* _TASK GOAL_
I'd like the entries reproduced exactly, with the images omitted.

* _THE DATA_
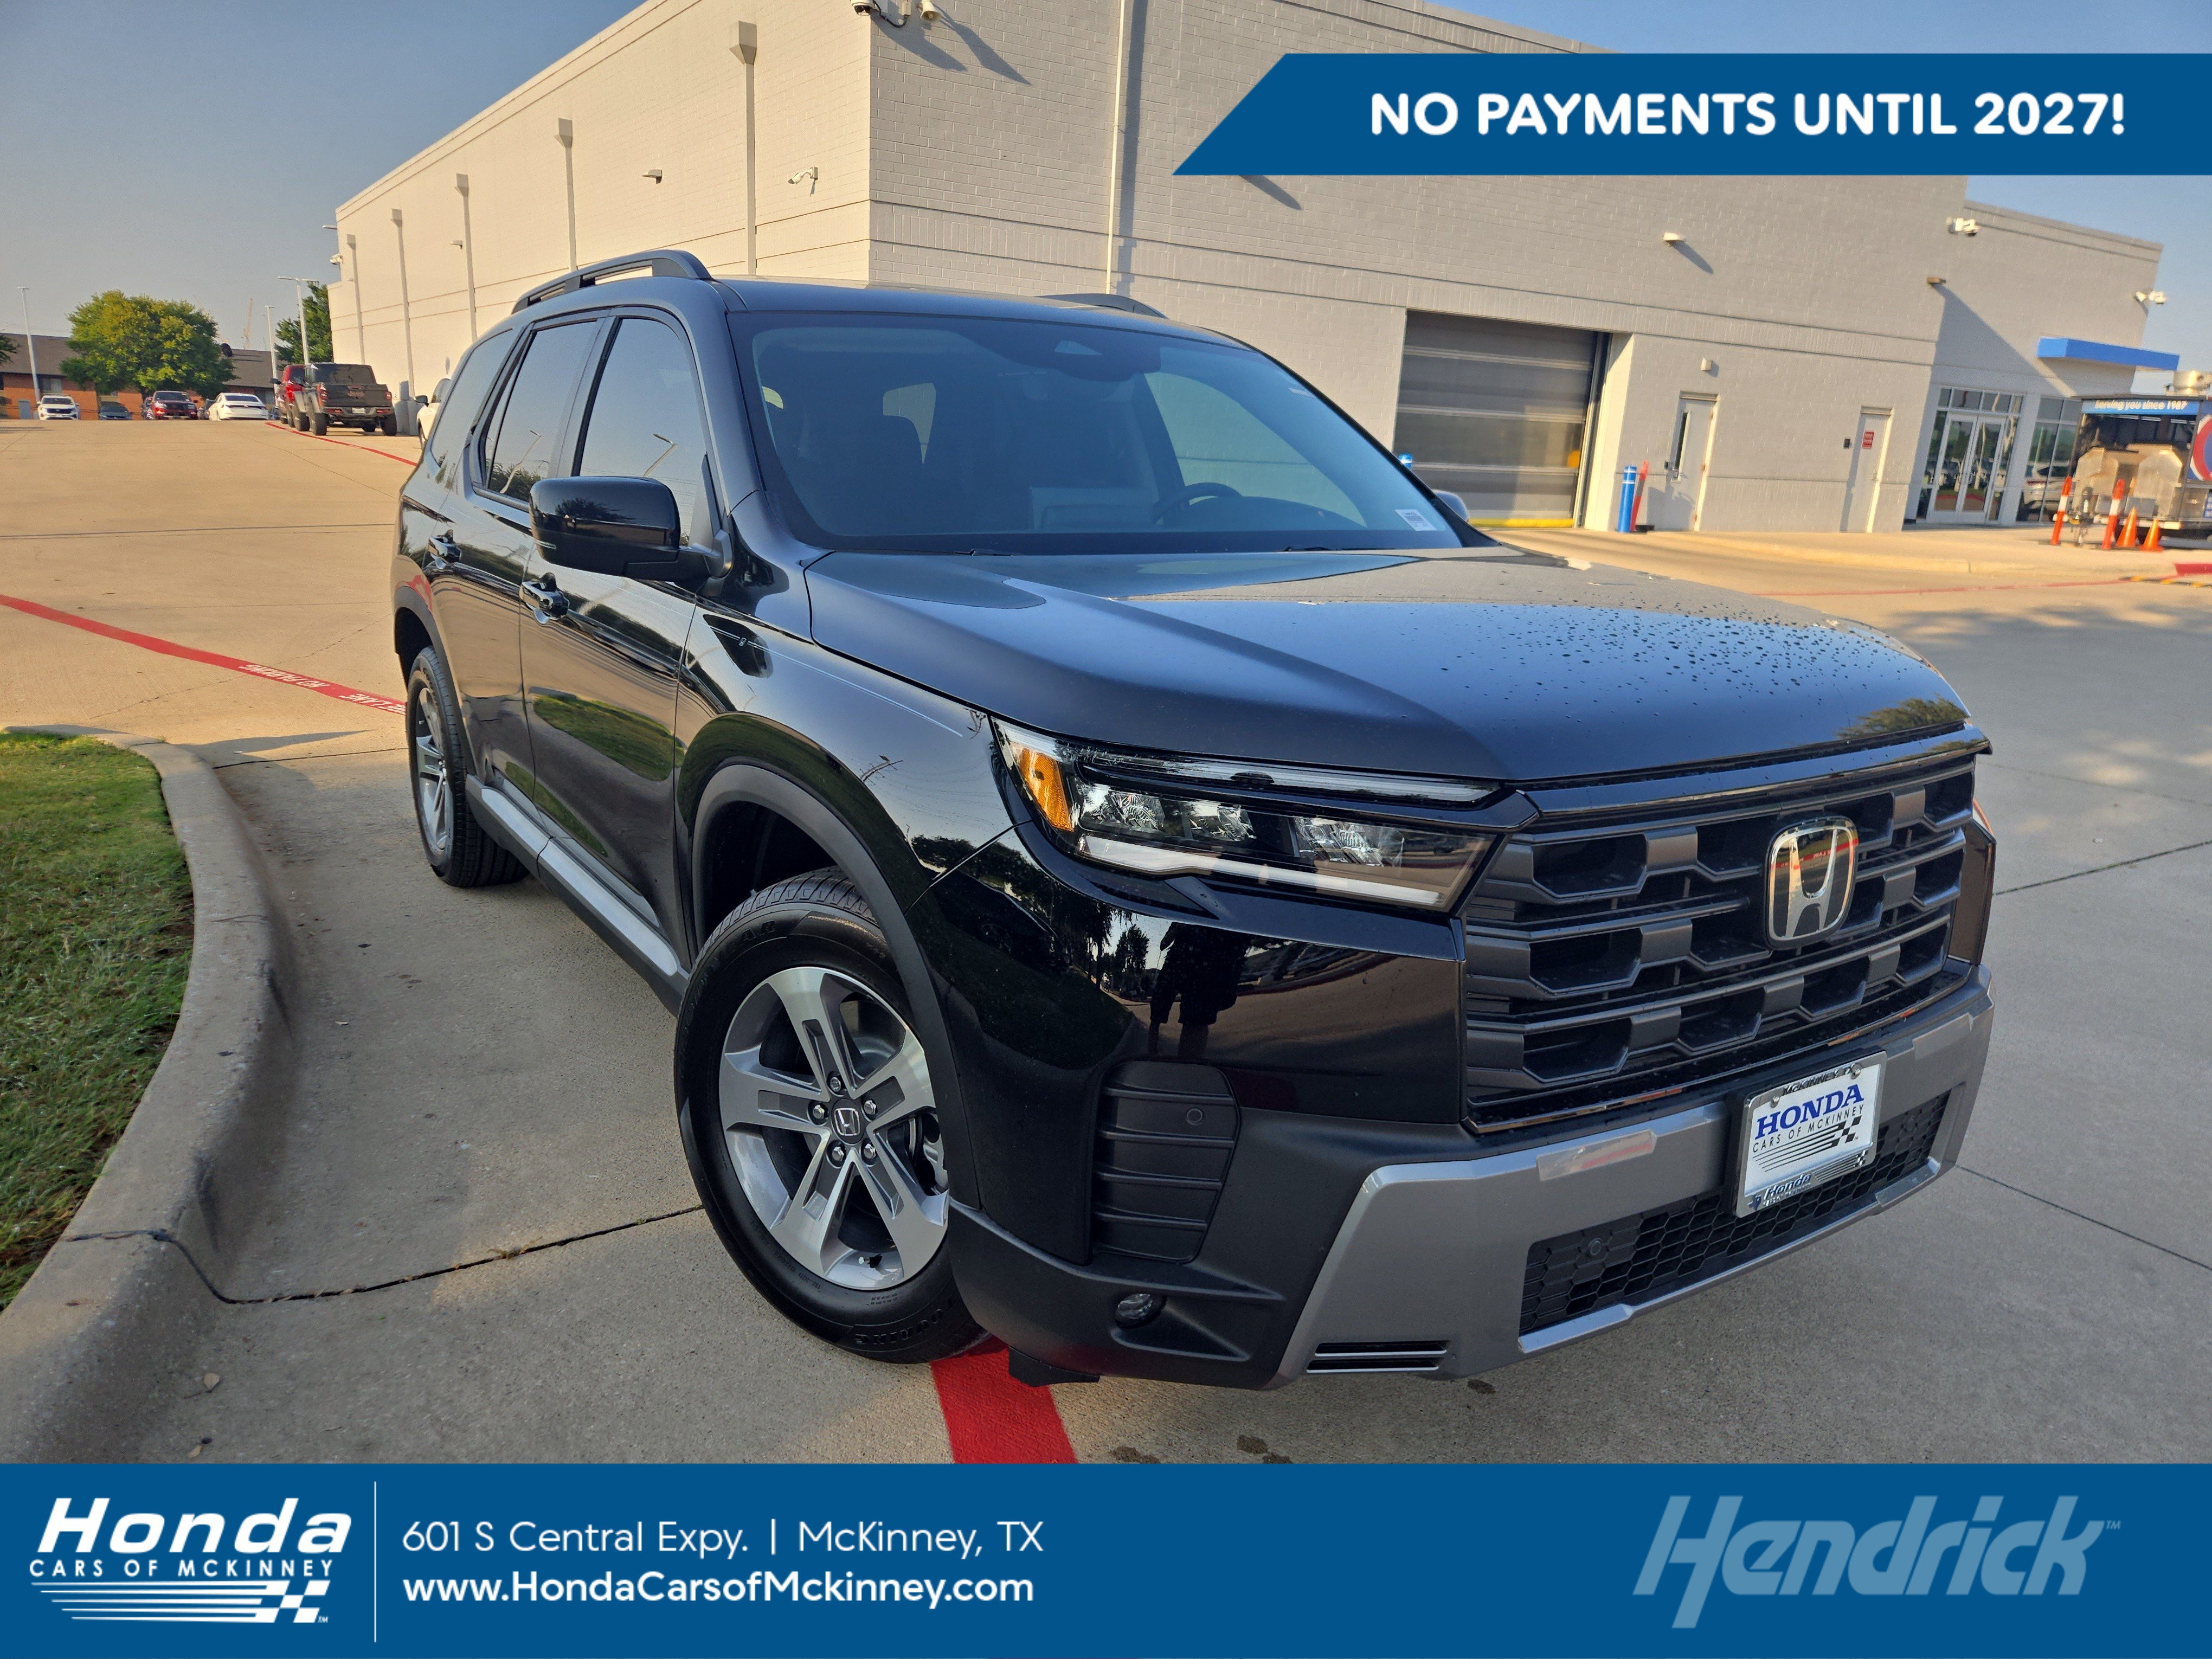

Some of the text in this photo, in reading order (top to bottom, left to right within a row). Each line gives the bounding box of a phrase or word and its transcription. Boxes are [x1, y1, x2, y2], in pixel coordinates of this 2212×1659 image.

[2125, 401, 2142, 410] you
[2142, 400, 2165, 410] since
[2167, 401, 2188, 410] 1987
[238, 664, 303, 682] PARKING
[296, 679, 330, 688] NO
[338, 693, 391, 706] LANE
[1754, 1084, 1864, 1140] HONDA
[1752, 1104, 1864, 1153] CARS OF MCKINNEY

* _EXERCISE OUTPUT_
Some of the text in this photo, in reading order (top to bottom, left to right within a row). Each line gives the bounding box of a phrase or word and its transcription. Boxes are [x1, y1, x2, y2], in pixel coordinates of this 2212×1659 image.

[2125, 401, 2142, 410] you
[2142, 400, 2165, 410] since
[2167, 401, 2188, 410] 1987
[238, 664, 303, 682] PARKING
[296, 679, 330, 688] NO
[338, 693, 391, 706] LANE
[1754, 1084, 1864, 1140] HONDA
[1752, 1104, 1864, 1153] CARS OF MCKINNEY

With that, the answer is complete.